Pada masa berlakunya UUD 1945 sebelum amandemen, Majelis Permusyawaratan Rakyat (MPR) adalah yang berkewenangan untuk memberhentikan Presiden. MPR sendiri terdiri dari anggota Dewan Perwakilan Rakyat (DPR), urusan golongan, serta utusan daerah.
Pasal 2 ayat (1) UUD 1945 sebelum amandemen: "Majelis Permusyawaratan Rakyat terdiri atas anggota-anggota Dewan Perwakilan Rakyat, ditambah dengan utusan-utusan dari daerah-daerah dan golongan-golongan, menurut aturan yang ditetapkan dengan undang-undang."
Dalam UUD 1945 sebelum amandemen, maka pemberhentian Presiden dapat dilakukan dalam Sidang Istimewa MPR. Pemberhentian Presiden diakukan apabila Presiden melakukan kejahatan, pengkhianatan terhadap negara, dan tidak mampu lagi menjalankan jabatannya.

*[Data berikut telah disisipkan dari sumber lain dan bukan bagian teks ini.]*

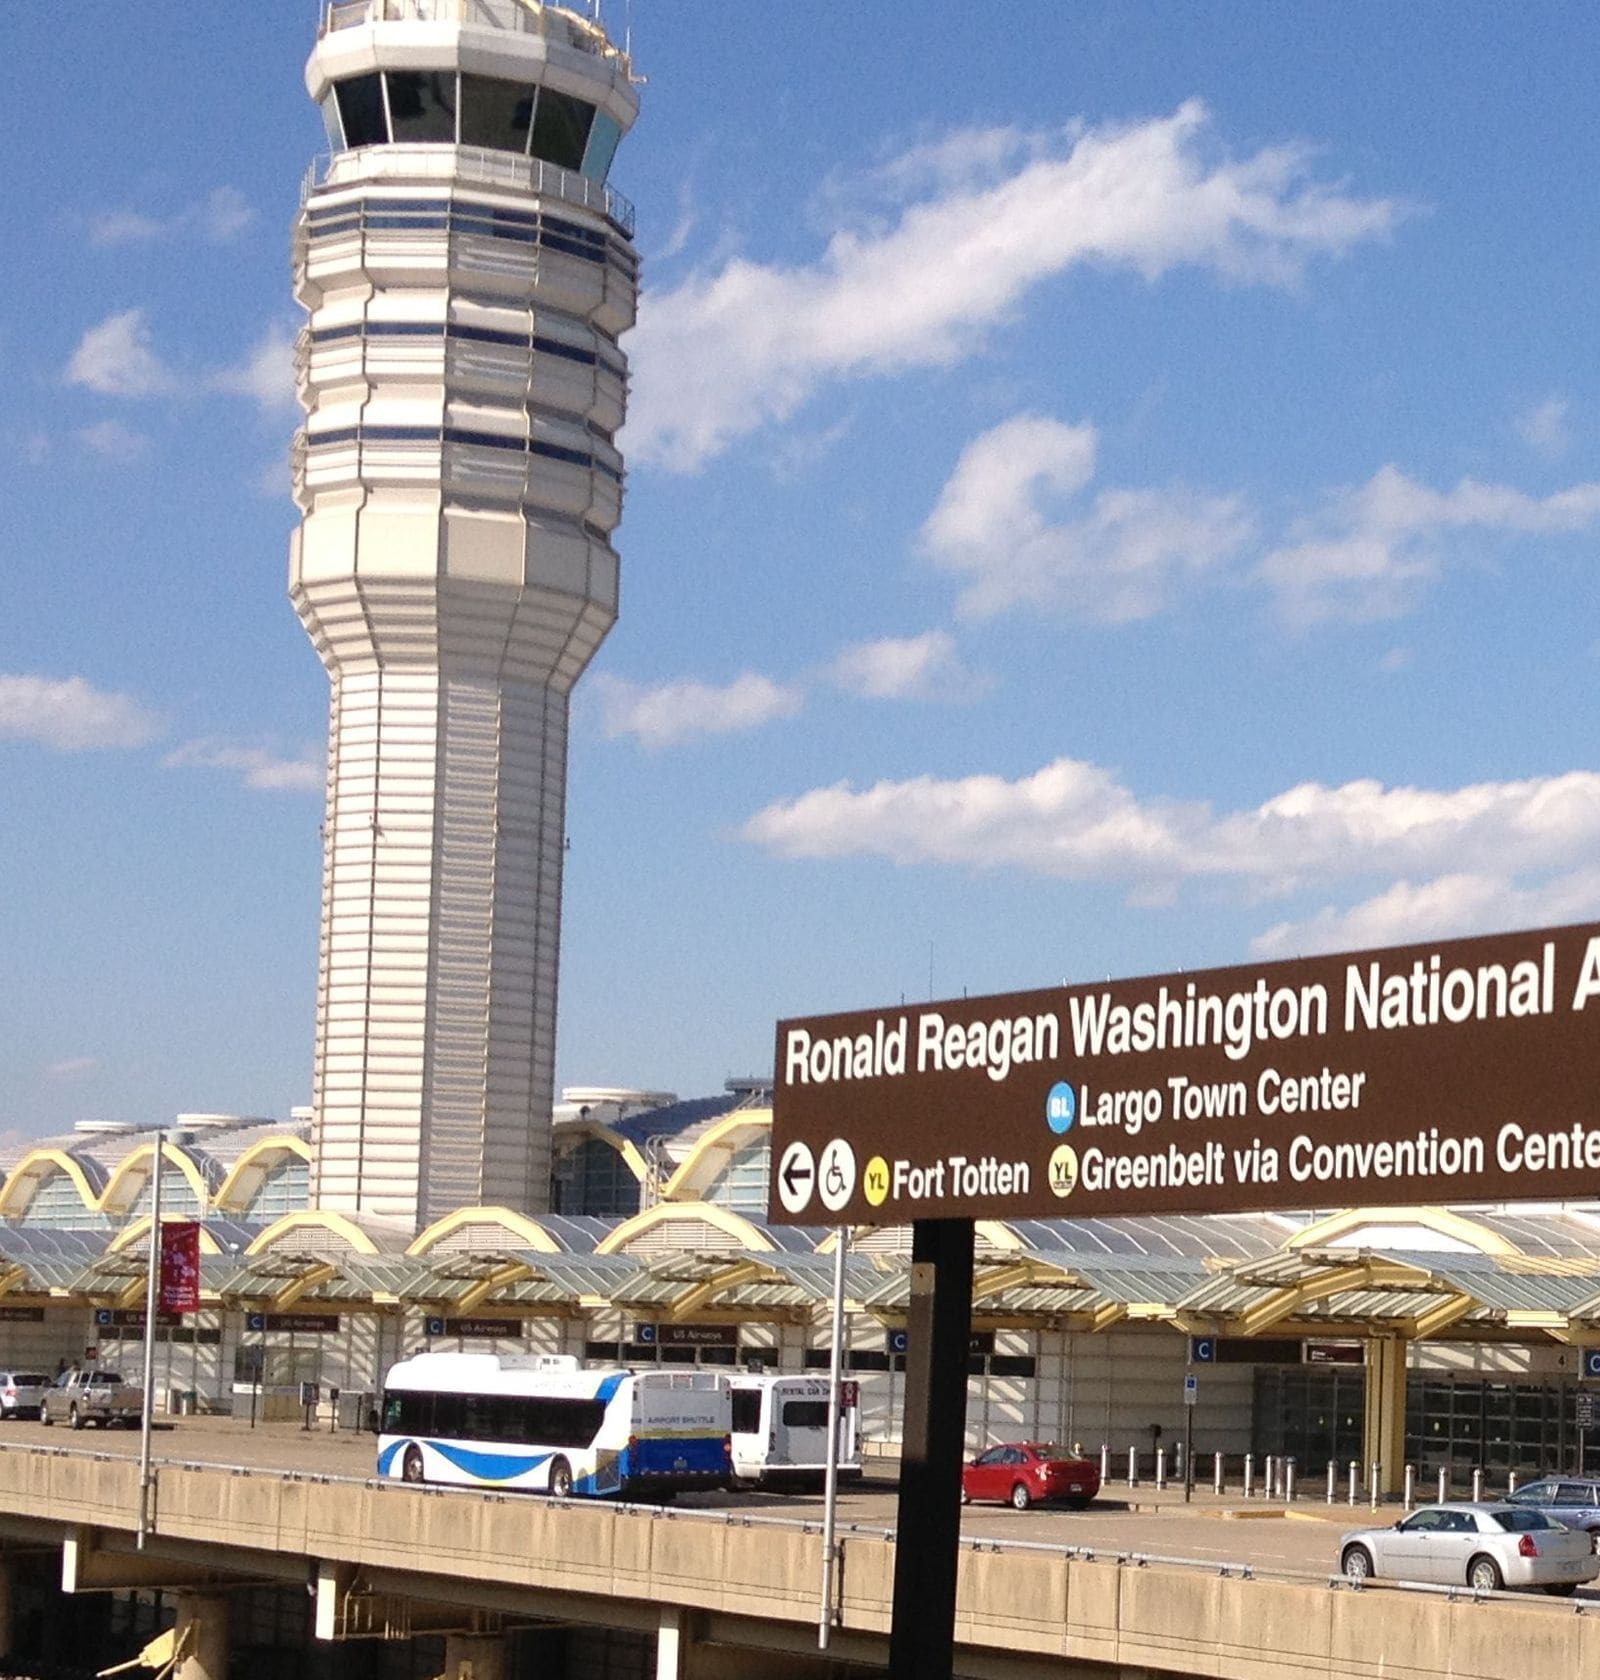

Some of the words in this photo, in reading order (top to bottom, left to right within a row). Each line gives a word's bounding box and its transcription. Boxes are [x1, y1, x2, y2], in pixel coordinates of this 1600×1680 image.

[785, 1017, 907, 1085] Ronald
[917, 1012, 1058, 1081] Reagan
[1069, 978, 1327, 1060] Washington
[1345, 942, 1555, 1032] National
[1051, 1097, 1070, 1118] BL
[1080, 1084, 1162, 1135] Largo
[1167, 1077, 1247, 1120] Town
[1257, 1067, 1366, 1115] Center
[869, 1172, 885, 1190] YL
[893, 1159, 945, 1200] Fort
[949, 1156, 1030, 1197] Totten
[1054, 1162, 1073, 1180] YL
[1081, 1141, 1226, 1191] Greenbelt
[1233, 1138, 1279, 1183] via
[1288, 1127, 1484, 1182] Convention
[641, 1326, 653, 1340] C
[893, 1334, 905, 1348] C
[1198, 1342, 1209, 1358] C

Selain itu, Presiden juga dapat diberhentikan apabila telah selesai menjalani masa jabatannya.
Setelah adanya amandemen UUD 1945, Pemberhentian Presiden di Indonesia justru menjadi lebih rumit. Dalam keadaan normal, sangat sulit untuk memberhentikan Presiden. Dengan demikian, sesudah amandemen UUD 1945 Presiden tetap dapat di-impeach, tetapi harus melalui prosedur ketatanegaraan lainnya yang panjang dan rumit.
Pasal 7A sesudah amandemen berbunyi: "Presiden dan/atau Wakil Presiden dapat diberhentikan dalam masa jabatannya oleh Majelis Permusyawaratan Rakyat atas usul Dewan Perwakilan Rakyat, baik apabila terbukti telah melakukan pelanggaran hukum berupa pengkhianatan terhadap negara, korupsi, penyuapan, tindak pidana berat lainnya, atau perbuatan tercela maupun apabila terbukti tidak lagi memenuhi syarat sebagai Presiden dan/atau Wakil Presiden."
Presiden dan/atau Wakil Presiden dapat diberhentikan di tengah masa jabatannya, setelah terbukti melanggar salah satu alasan berikut:
- Melakukan pelanggaran hukum berupa pengkhianatan terhadap negara;
- Korupsi;
- Penyuapan;
- Tindak pidana berat lainnya;
- Perbuatan tercela; dan
- Terbukti tidak lagi memenuhi syarat sebagai presiden dan wapres.
Pasal 7B UUD 1945 sesudah amandemen:
(1) "Usul pemberhentian Presiden dan/atau Wakil Presiden dapat diajukan oleh Dewan Perwakilan Rakyat kepada Majelis Permusyawaratan Rakyat hanya dengan terlebih dahulu mengajukan permintaan kepada Mahkamah Konstitusi untuk memeriksa, mengadili, dan memutus pendapat Dewan Perwakilan Rakyat bahwa Presiden dan/atau Wakil Presiden telah melakukan pelanggaran hukum berupa pengkhianatan terhadap negara, korupsi, penyuapan, tindak pidana berat lainnya, atau perbuatan tercela dan/atau pendapat bahwa Presiden dan/atau Wakil Presiden tidak lagi memenuhi syarat sebagai Presiden dan/atau Wakil Presiden."
(2) "Pendapat Dewan Perwakilan Rakyat bahwa Presiden dan/atau Wakil Presiden telah melakukan pelanggaran hukum tersebut ataupun telah tidak lagi memenuhi syarat sebagai Presiden dan/atau Wakil Presiden adalah dalam rangka pelaksanaan fungsi pengawasan Dewan Perwakilan Rakyat."